Ground rules are required to establish expectations for behaviour and create a sense of accountability. It should be clear that discrimination, harassment and bullying will not be tolerated and consequences will occur for violations. Training must be offered in conflict resolution strategies. People must be educated to recognize and address inappropriate behaviour. A culture must be developed where individuals feel empowered to speak up if they witness or experience inappropriate behaviour.
She also highlights team dynamics, clearly defining what team members can expect from one another, recognizing individual work preferences and gaining insight into diverse personality styles. Time must be taken to clarify personal boundaries – physical, emotional, mental and spiritual – as well as how people can separate their professional and personal lives, for balance, and follow their preferred work styles.
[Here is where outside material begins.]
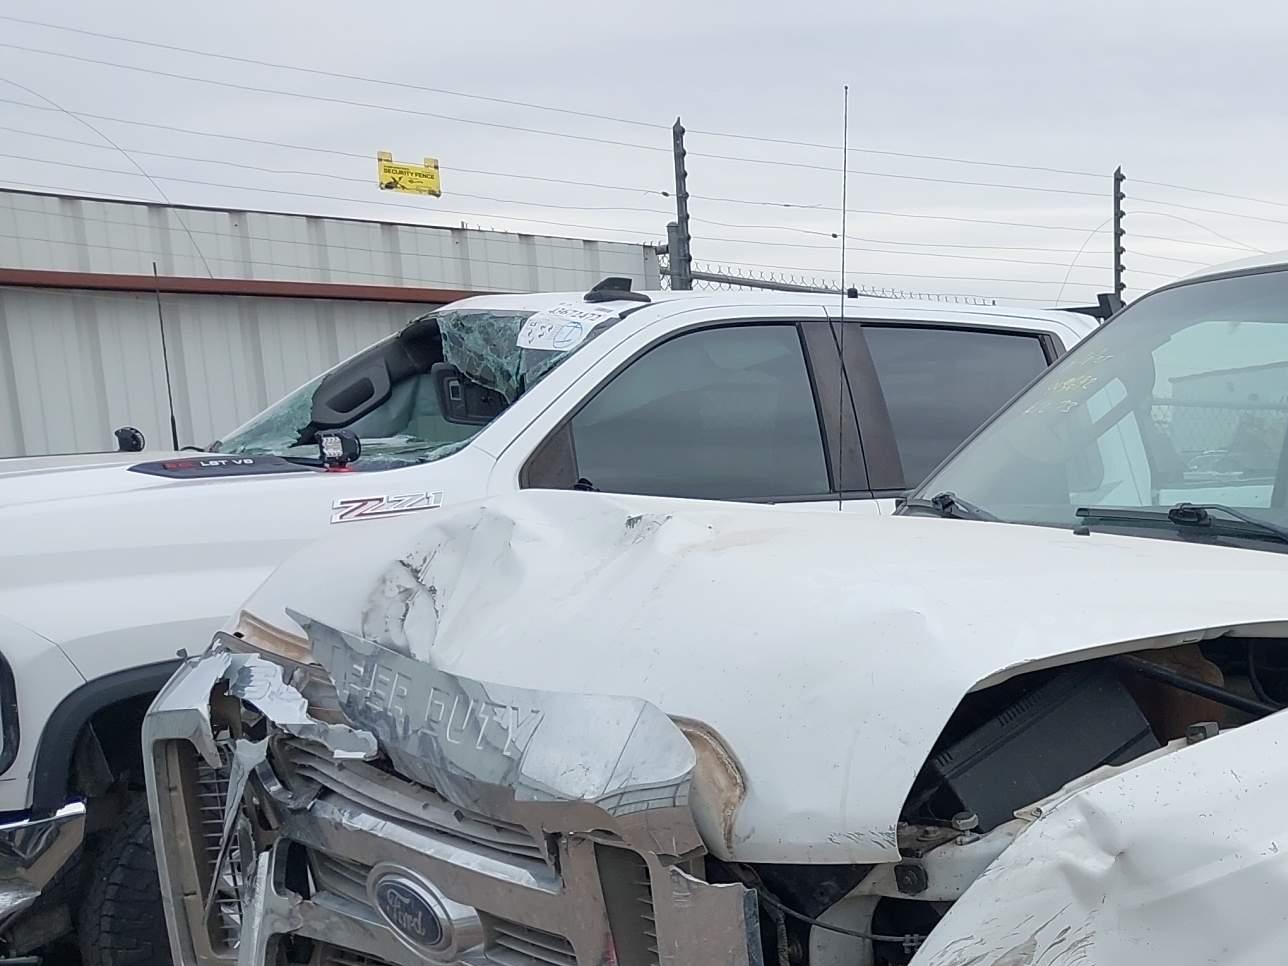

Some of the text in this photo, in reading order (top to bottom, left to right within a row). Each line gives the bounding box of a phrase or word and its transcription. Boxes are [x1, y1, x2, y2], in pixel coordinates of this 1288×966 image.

Her final pillar is curiosity. For all of this to lead anywhere, people must be open to new ideas, reflective and eager for learning and development. Leaders can’t just hope such behaviours exist. They must be cultivated and enhanced, through structured opportunities for reflective practices and transformation.
It would be easier to wave a magic wand and pronounce as a leader you want psychological safety. But that doesn’t work. Ms. Battye’s approach suggests you must build psychological safety from the ground up, enhancing the skills we often assume are present in the workplace but aren’t necessarily, leading to a more collaborative and productive organization. It’s a back-to-the-basics approach.
Cannonballs
- Leadership consultants have defined an important stage for newly named CEOs: The “fuzzy front-end,” the period from first contact with the new organization to the first day actually on the job. Donald Trump’s front-end since he was elected in November has been anything but fuzzy and stands out from those in recent memory, political or corporate, as the most impactful – as well as unnerving for many of those he will lead and onlookers.
- A survey by the LiveCareer website found more than three quarters of women (76 per cent) support a shift to a four-day, 10-hours per day workweek, compared to 57 per cent of men.
- Leadership coach Scott Cochrane warns that saying “I’m so busy” undermines your leadership credibility. What people hear might be “I’m so disorganized,” or “I don’t have clear goals,” or “I’ve mismanaged this project,” or, or course, “I’m trying to impress people.”
Harvey Schachter is a Kingston-based writer specializing in management issues. He, along with Sheelagh Whittaker, former CEO of both EDS Canada and Cancom, are the authors of When Harvey Didn’t Meet Sheelagh: Emails on Leadership.